Ironing out Iron Deficiency in Female Athletes

Arsenal’s Katie McCabe in action with Bayern Munich’s Linda Dallmann Action Images via Reuters/Peter Cziborra

Iron deficiency impacts nearly 30% of young female athletes and can be a silent performance killer⁽¹⁾. Some studies indicate that this number may rise to 70% in specific populations of female athletes⁽²⁾. If left undetected, iron deficiency can lead to fatigue, hinder recovery, and even increase the risk of injuries.

Iron and Athletes

Athletes, particularly women, are at an increased risk of developing iron deficiency due to the physical demands of exercise and physiological challenges. Exercise contributes to iron loss in several ways. For instance, intense physical activity can lead to blood in the urine (haematuria), a condition caused by the breakdown of red blood cells during exercise. Additionally, the repeated impact of activities like running causes mechanical destruction of red blood cells (hemolysis). These losses are compounded by microtrauma in the gastrointestinal tract, leading to small but cumulative amounts of blood loss and sweat, which also carries trace amounts of iron⁽³⁾.

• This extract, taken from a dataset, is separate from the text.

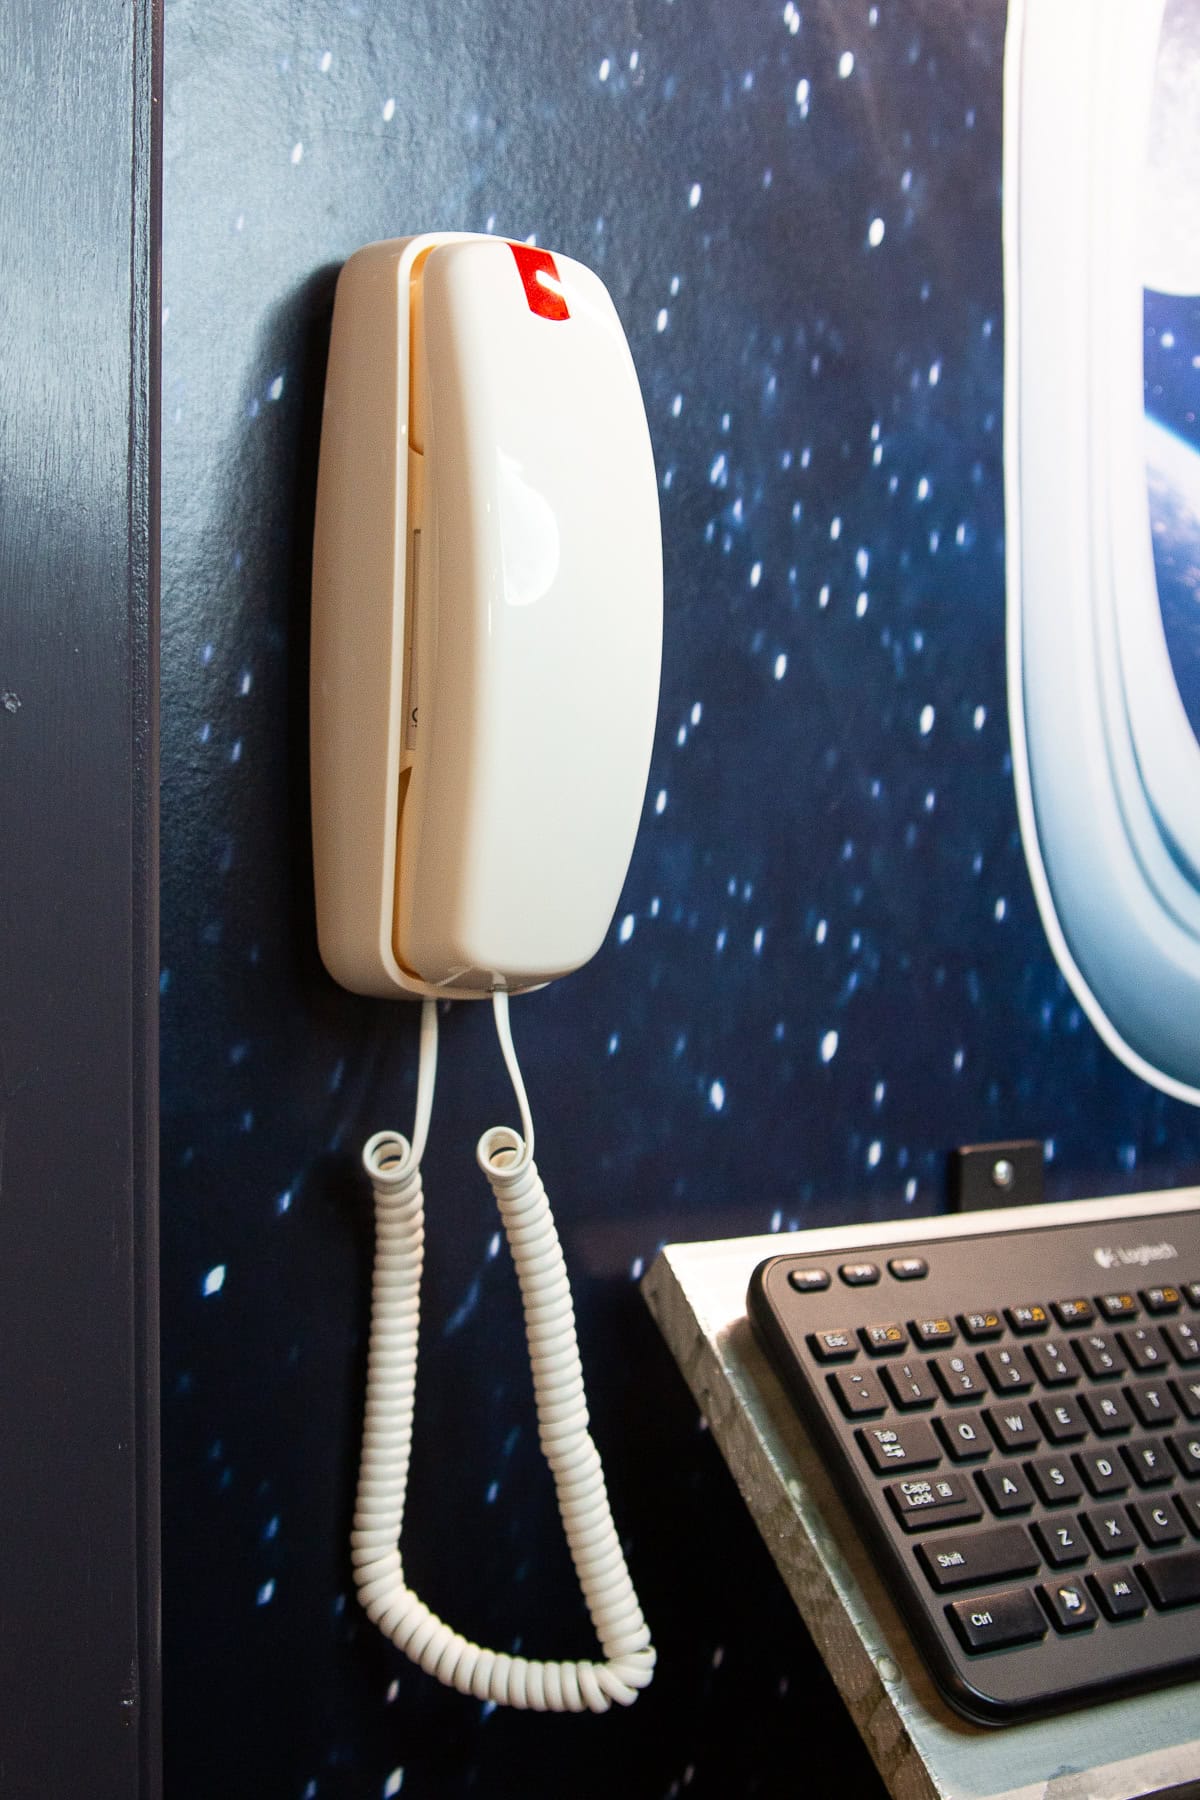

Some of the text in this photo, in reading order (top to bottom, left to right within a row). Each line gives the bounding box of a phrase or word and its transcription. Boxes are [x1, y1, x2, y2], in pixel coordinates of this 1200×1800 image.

"Iron deficiency is a silent yet significant barrier to health and performance…"

The body’s inflammatory response to exercise can further disrupt iron metabolism. Exercise-induced inflammation triggers a temporary increase in hepcidin, a hormone that regulates iron levels. Hepcidin interferes with iron absorption and traps iron inside cells, preventing it from being released into the bloodstream where it’s needed most⁽⁴⁾. This combination of factors makes iron deficiency a persistent challenge for athletes, particularly women, who already have higher iron requirements due to menstruation⁽⁵⁾.

Female Athletes

Women of reproductive age who regularly exercise are especially vulnerable to iron deficiency. This is due to the dual burden of exercise-induced iron loss and menstrual blood loss. On average, women lose about 30–50 ml of blood per cycle, translating to ~15–25 mg of iron⁽⁶⁾. However, women with heavy menstrual bleeding lose significantly more, increasing their risk of iron deficiency and iron deficiency anemia. Heavy menstrual bleeding, or menorrhagia, is a common condition affecting up to 30% of women, but as little as 6% seek medical advice⁽⁷⁾. This lack of attention may normalize iron deficiency despite its profound impact on health and performance. Despite its prevalence, there are no standard guidelines for screening female athletes for iron deficiency, making it an often overlooked issue⁽⁸⁾.

In addition to heavy menstrual bleeding, several other factors contribute to the high prevalence of iron deficiency in female athletes. Blood donation, for instance, is a significant but often overlooked contributor. Studies indicate that adolescent female blood donors are particularly vulnerable, with as many as 50% showing signs of iron deficiency and 18% presenting with absent iron stores⁽⁸⁾. This is compounded by inadequate awareness regarding the effects of blood donation on iron status. Moreover, dietary restrictions, such as vegetarian or vegan diets, can limit iron availability due to the lower bioavailability of non-heme iron found in plant-based foods. Athletes with low caloric intake, either intentionally for weight-class sports or due to high energy expenditure, are also at risk of insufficient iron intake. Combined with the natural limitations in iron absorption and the increased losses due to exercise and menstruation, these additional factors highlight the pressing need for routine screening and tailored interventions to address iron deficiency in this population.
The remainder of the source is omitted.